Los mozos lucían sus mejores camisas de dril y pantalones de gabardina, planchados con esmero, y las muchachas lucían vestidos floreados de telas ligeras, adornados con encajes y cintas de colores vivos. Pero Valeria Montenegro parecía andar a su propio paso, sin seguir el son de aquel cortejo tradicional.

Su estampa resaltaba entre la peonada, no por un vestido de olanes, sino por una presencia que se hacía sentir sin aspavientos, una fuerza callada que demandaba respeto sin necesidad de alzar la voz.

Unos pantalones de mezclilla ajustados delineaban sus curvas como caminos sinuosos, una blusa entallada marcaba su cintura de avispa, y su pistola Colt Single Action Army reposaba en su cadera con una naturalidad de herramienta bien usada, como si fuera un machete más a su lado.

Sorbía su cerveza con una calma de quien observa el horizonte, la mirada recorriendo el gentío sin mostrar ni pizca de interés en unirse al zapateado.

Desde un rincón sombreado, un grupito de mujeres cuchicheaba con una malicia que se mascaba en el aire, soltando pullas con la desenvoltura de quien se sabe a resguardo. Las mismas que en sus años mozos se creían la flor más guapa del ejido.
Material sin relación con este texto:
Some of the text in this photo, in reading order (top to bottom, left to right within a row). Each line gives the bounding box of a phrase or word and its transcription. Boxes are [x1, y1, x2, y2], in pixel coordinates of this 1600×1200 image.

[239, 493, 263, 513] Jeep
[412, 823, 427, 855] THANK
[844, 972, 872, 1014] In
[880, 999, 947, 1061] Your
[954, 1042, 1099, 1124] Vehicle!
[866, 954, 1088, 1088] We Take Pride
Una de ellas, con una risita que sonaba a pedrada en tejado ajeno, soltó:

—Mirenla a la Valería, la que se quedó pa’ vestir santos.

Otra terció con un deje de veneno dulce:

—¿Será que ningún macho se le arrima porque parece más caporal que muchacha?
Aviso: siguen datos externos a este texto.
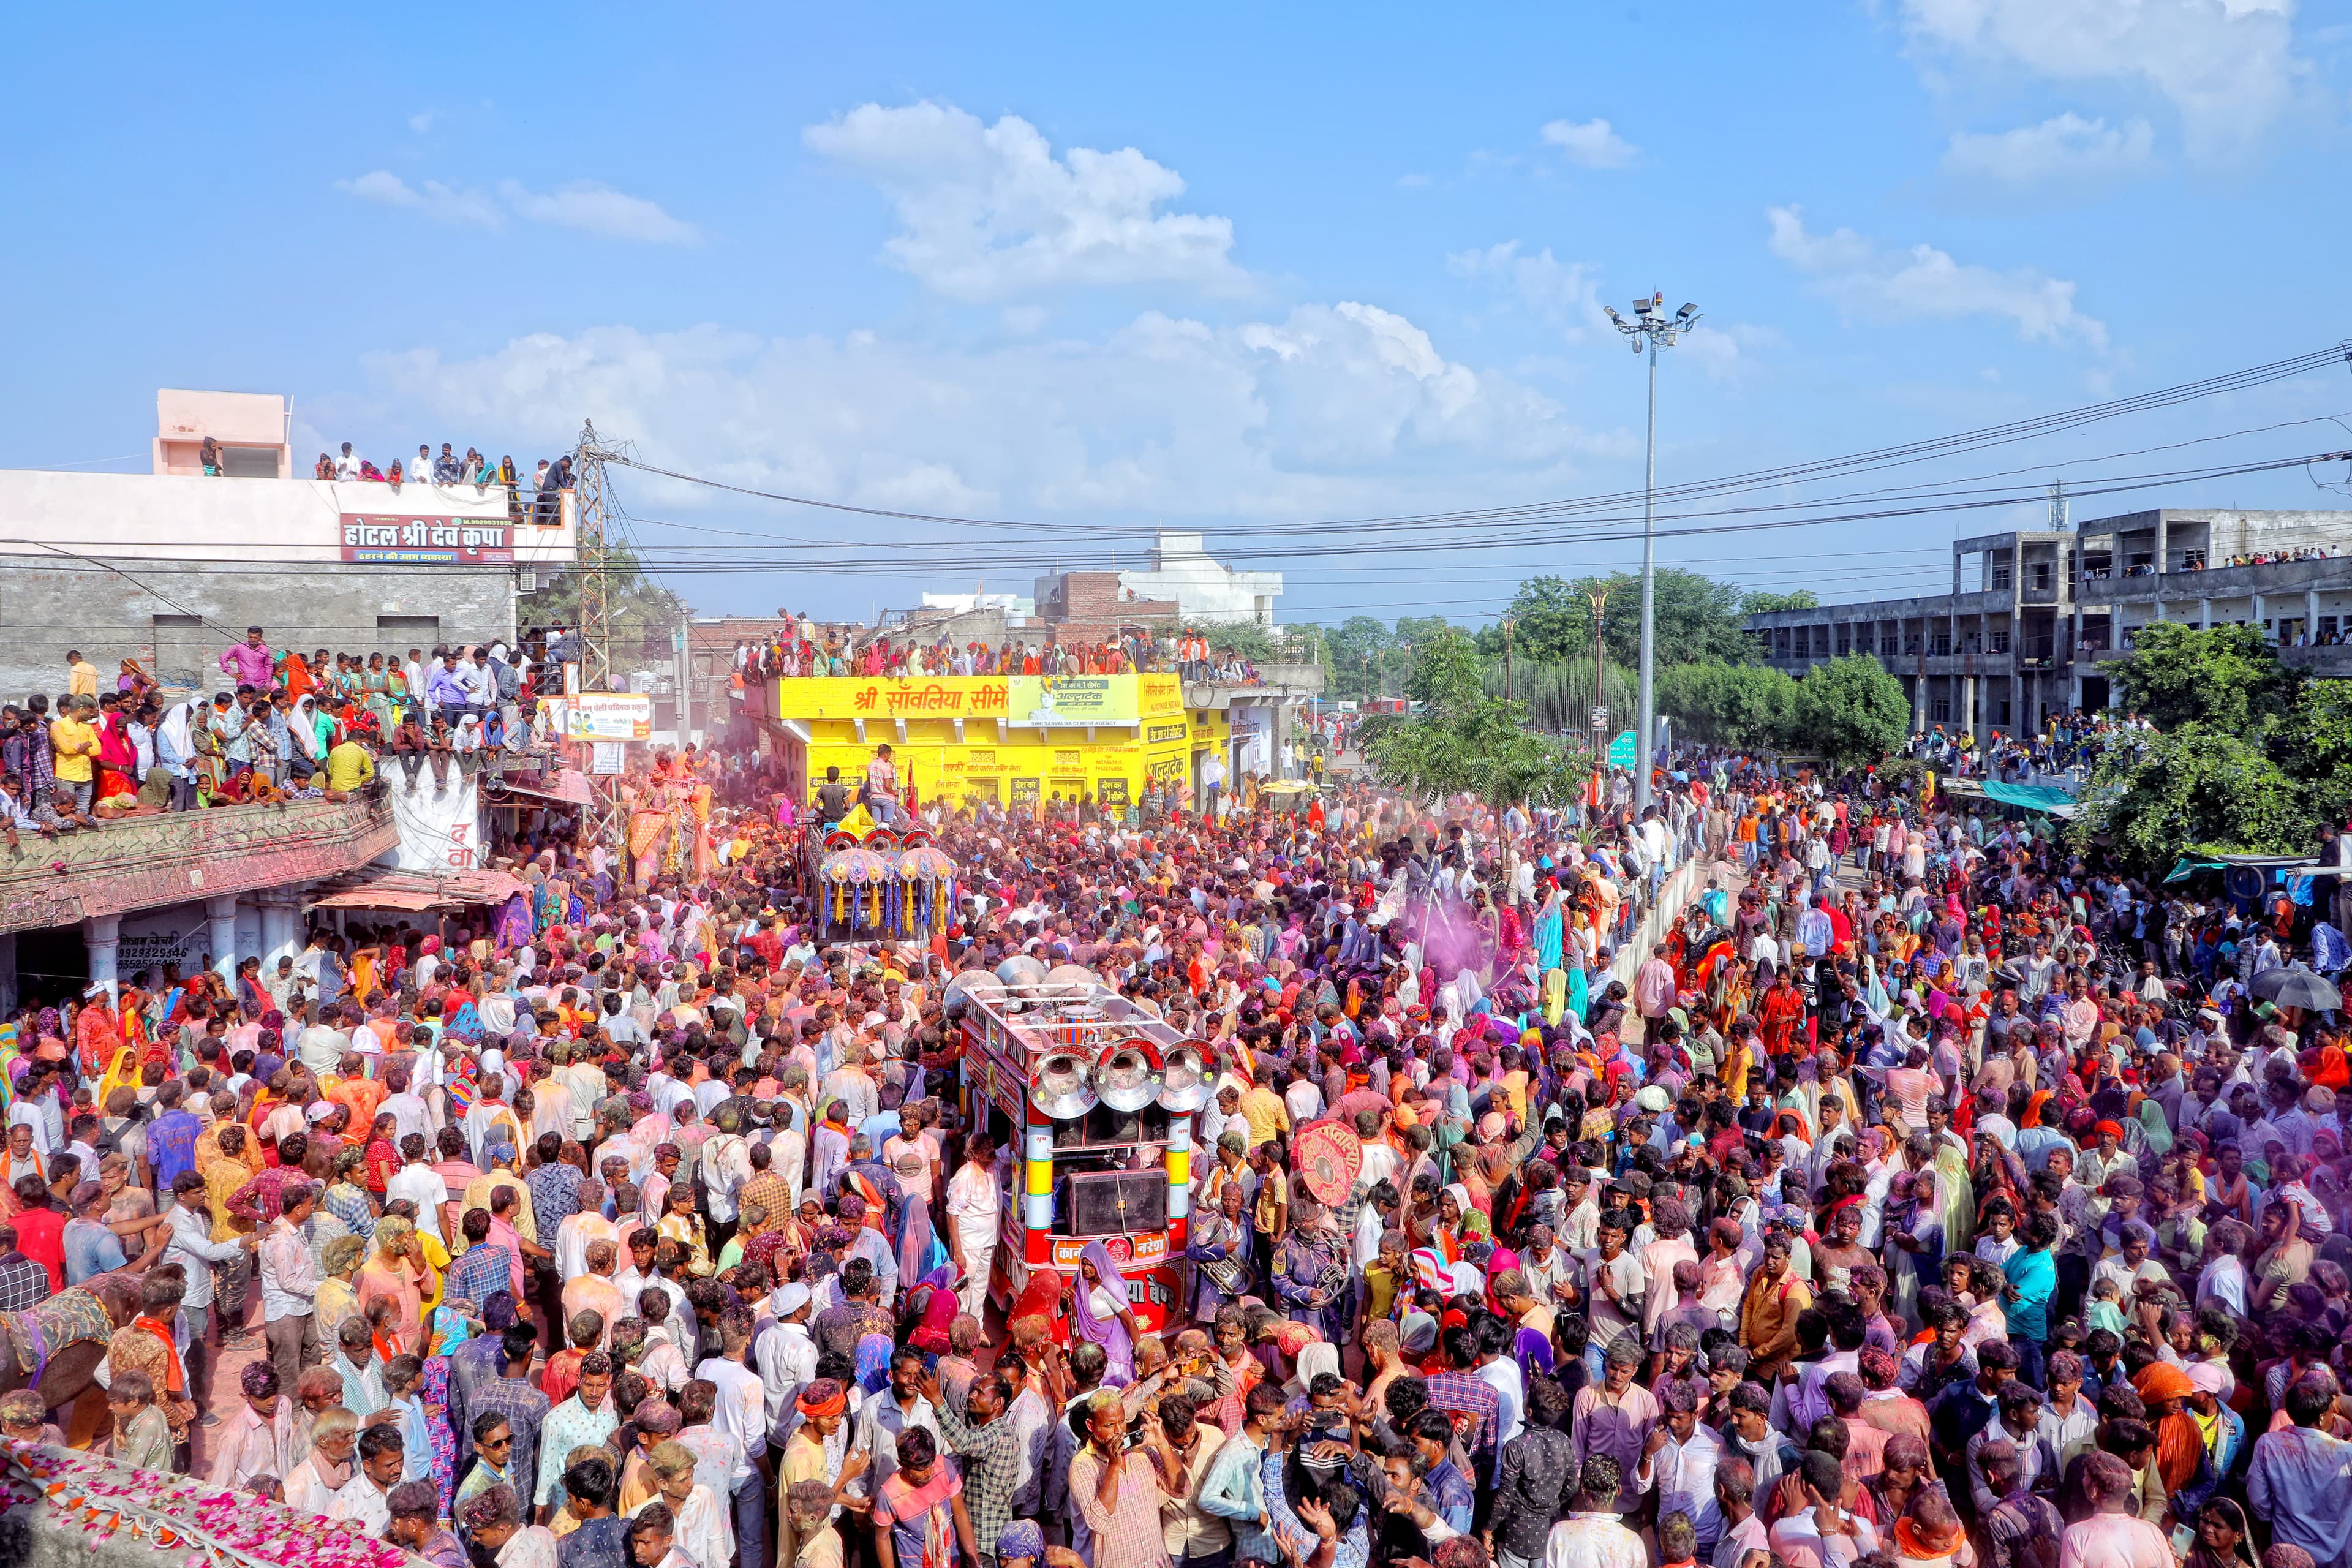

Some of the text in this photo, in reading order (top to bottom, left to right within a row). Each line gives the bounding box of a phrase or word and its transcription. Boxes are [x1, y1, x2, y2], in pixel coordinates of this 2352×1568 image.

[343, 518, 505, 556] होटल श्री देव कृपा
[385, 552, 398, 560] की
[854, 683, 1009, 710] श्री साँवलिया सीमें
[1014, 780, 1026, 789] देश
[1102, 780, 1113, 789] देश
[1008, 1035, 1025, 1068] BAND
[1137, 1238, 1164, 1254] नरेश
[1146, 1273, 1175, 1311] बैण्ड
—Ay, qué lástima —añadió una tercera, exagerando un suspiro teatral que sonaba a burla barata—, quedarse porque la dejó el tren.

Valeria, con una calma que parecía venir de la tierra misma, las ojeó con una sorna que no llegaba a sus ojos oscuros, y sin decir agua va, se irguió con una determinación silenciosa como la de un árbol bien plantado.

Las mujeres dieron un pasito pa’trás como si hubieran visto un espanto cuando la vaquera desenfundó su revólver con una parsimonia que ponía los pelos de punta, haciéndolo girar en su mano como si fuera una extensión de su propio cuerpo.

—¿Saben qué es peor que quedarse pa’ vestir santos? —Valeria hizo bailar el arma en su mano con una gracia peligrosa—. Ser una vieja rezongona con la mano estirada, esperando que un pelagatos les pague los gustos.

La furia les encendió los ojos a las mujeres como brasas. Chillidos destemplados. Malas palabras masculladas entre dientes.

La música se calló de golpe, dejando un silencio pesado como tierra mojada.

Los hombres de las mujeres ofendidas, con el rostro encendido por la rabia, se acercaron con ganas de bronca. Uno de ellos, con los puños apretados como mazorcas, intentó soltarle un puñetazo a traición, pero Valeria lo esquivó con la agilidad de un gato montés y le dio una rodillazo seco justo donde más duele, dejándolo sin aire.

El hombre se dobló en el suelo con un quejido sordo que se perdió en el barullo creciente.

Los otros, envalentonados por la camorra, rompieron botellas de cerveza, empuñando los picos de vidrio como si fueran cuchillos de monte, listos pa’ la refriega.

Pero Valeria ya estaba sonriendo, una mueca fría como el acero al sol.

Con la rapidez de una leyenda del corrido, sacó su Colt reluciente y soltó un tiro seco al suelo de tierra, haciendo que los hombres pegaran un brinco como si hubieran pisado una braza, Valeria sonrió al verlos dar saltos como gato en techo ardiente.

Tomás, llegando a la carrera por el alboroto, intentó meter paz con un gesto de manos, pero la frialdad que le heló la sangre en la mirada de Valeria lo paró en seco, como si hubiera chocado contra un muro invisible.